But the idea of a philosophy of rhetoric should not be reduced to this one tradition. There is a fundamental complication in the initial separation of philosophy from rhetoric which arises with the recognition that persuasion is a mode of human existence. Early statements of this recognition are found in Isocrates and, later, in Italian humanism (see Grassi). More importantly, recent work on the relationship between rhetoric and philosophy shows that, once persuasion is acknowledged as an ontological fact, it becomes more difficult to circumscribe rhetoric as an object of philosophical inquiry; that is, persuasion interjects itself into all inquiry, including the epistemic purity of philosophical inquiry. The history of the philosophy of rhetoric, then, can be read as attempts to manage the tension between the need for a philosophical grounding of rhetoric and the recognition that persuasion is a basic feature of human existence. In traditional philosophies of rhetoric, this tension is managed by ignoring the ontological status of persuasion; but in more recent inquiries, the ontological premise leads to a rethinking of both philosophical inquiry and rhetoric.

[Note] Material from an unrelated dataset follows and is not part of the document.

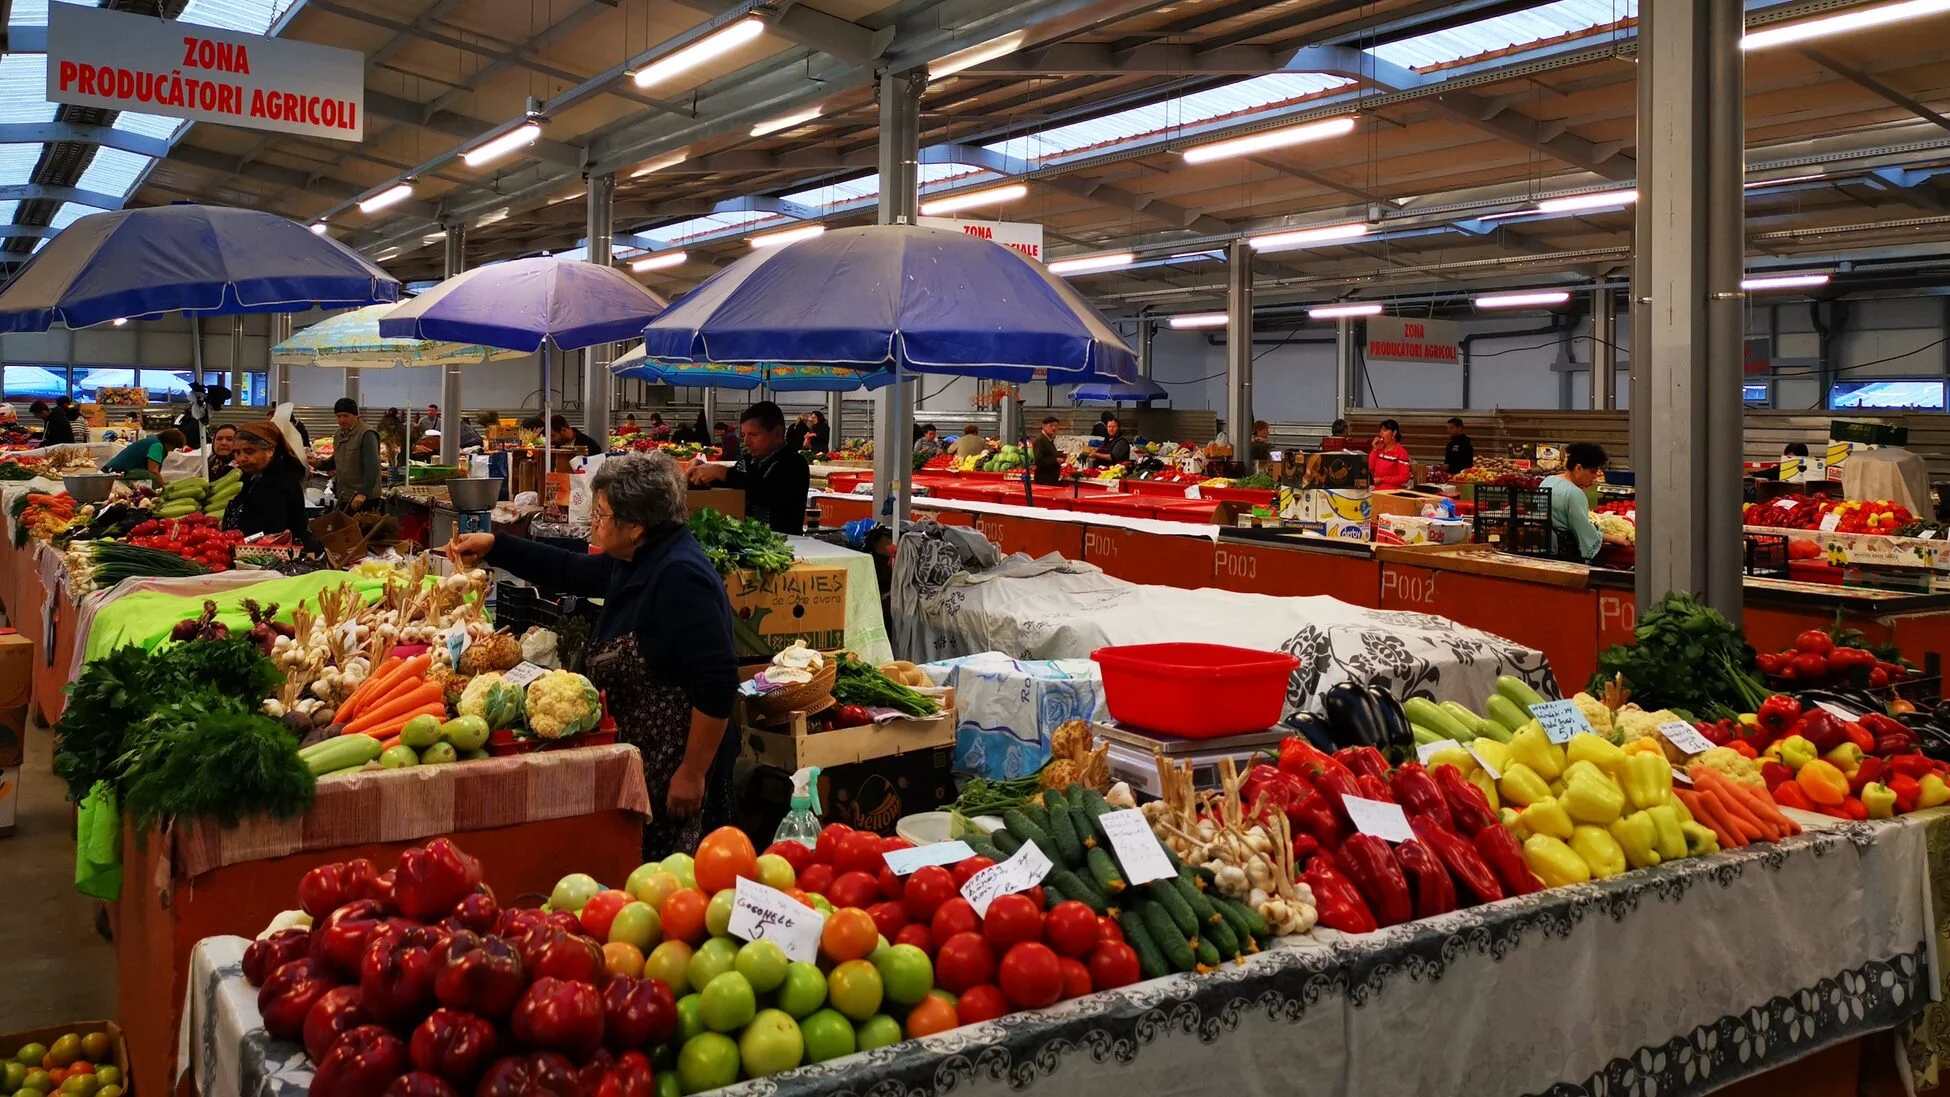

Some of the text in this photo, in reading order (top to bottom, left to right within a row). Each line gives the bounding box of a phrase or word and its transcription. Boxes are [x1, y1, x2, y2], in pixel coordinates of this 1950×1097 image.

Traditional Philosophies of Rhetoric

Traditional philosophies of rhetoric are characterized by an attempt to provide a psychological account of persuasion. The basic features of such an account were established in Plato's Phaedrus. As in the Gorgias, Socrates objects to rhetorical practices that produce only opinion in the minds of an audience; but in this dialogue, he acknowledges the possibility of a type of persuasion that produces true knowledge in the audience. Yet this type of persuasion, Socrates warns, also requires a real art of rhetoric, that is, a rhetoric grounded in a rational explanation of how language affects the mind (psuchê). The requirements of this art, he explains, are similar to the Hippocratic art of healing. Just as the doctor must acquire knowledge of the whole body and knowledge of those things that can affect the body, the rhetor should acquire knowledge of the whole mind and those things that can affect the mind. Moreover, just as the doctor's knowledge allows a classification of kinds of bodies and kinds of diseases, the rhetor's knowledge should result in a classification of the kinds of mind and an understanding of how certain rhetorical techniques affect each kind of mind (269e-272c). This model of an art based on the classification of psychological states is more fully developed in Aristotle's "Art" of Rhetoric, especially Book II.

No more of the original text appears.